今求められるIT部門の抜本改革とは

――では、具体的にどのような推進体制が求められますか。

田中 まず大前提として、IT部門が主導的役割を担うことが不可欠です。技術的な能力が要求されるということもさることながら、冒頭で申したように、「既存のデータベース/ITインフラとつながることで価値が発揮される」ことからすると、既存のITインフラを熟知したIT部門がこれを担うことが合理的です。

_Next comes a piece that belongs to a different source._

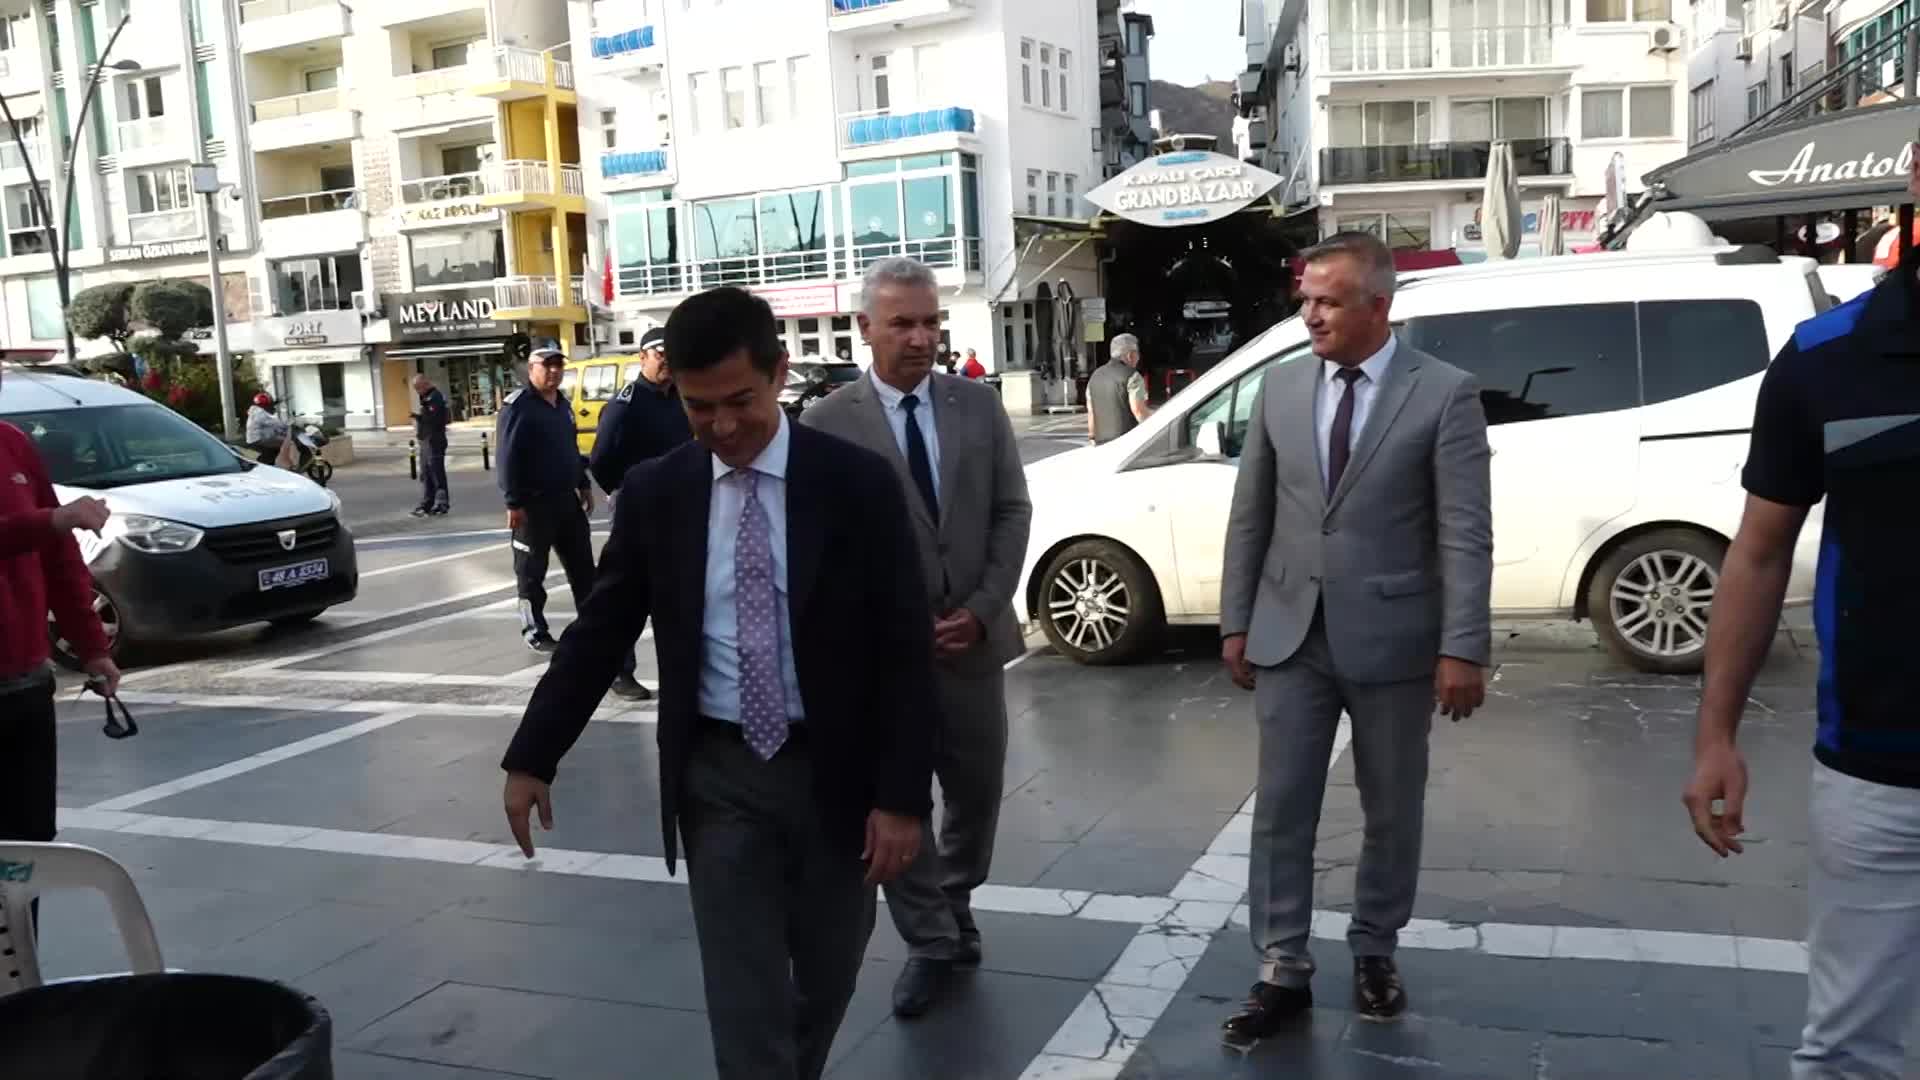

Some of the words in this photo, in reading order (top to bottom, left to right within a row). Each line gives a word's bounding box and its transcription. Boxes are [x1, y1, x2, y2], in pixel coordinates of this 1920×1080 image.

[1114, 187, 1179, 210] GRAND
[1180, 181, 1256, 205] BAZAAR
[400, 298, 494, 324] MEYLAND
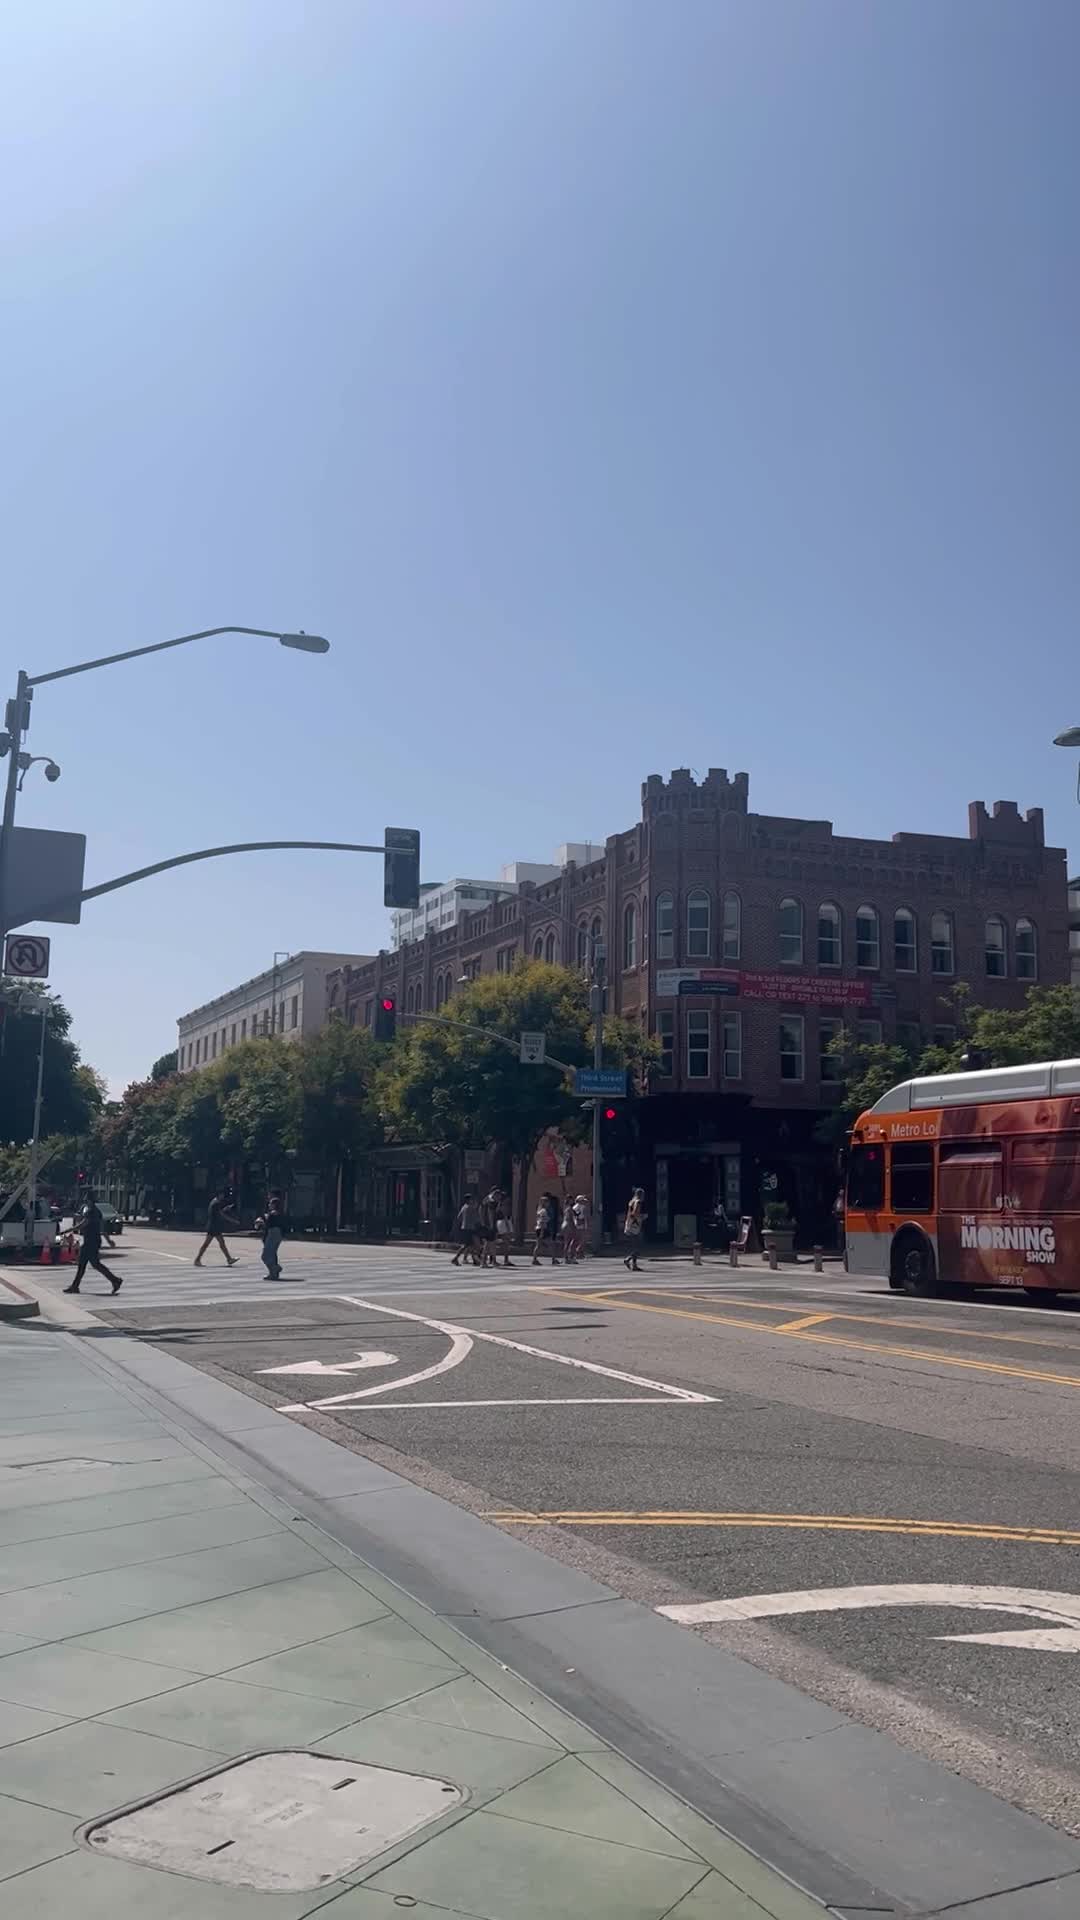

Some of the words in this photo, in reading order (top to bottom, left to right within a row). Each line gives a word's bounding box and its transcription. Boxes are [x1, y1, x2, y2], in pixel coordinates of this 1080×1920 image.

 一方で、従来のIT部門の役割からは大きく踏み出さなければなりません。特にブロックチェーンは技術特性として、複数のプロトコルレイヤーを重ねてプラットフォームを構成する構造を持っています。データレイヤー、コンセンサスレイヤー、インセンティブレイヤー等をどのように組み合わせることで分散型ガバナンスを機能させるか、といった設計をするためには、技術的理解に基づきビジネススキームをデザインするスキルが不可欠です。これを従来の「ユーザー、IT」の役割分担で実装することは困難を極めるでしょう。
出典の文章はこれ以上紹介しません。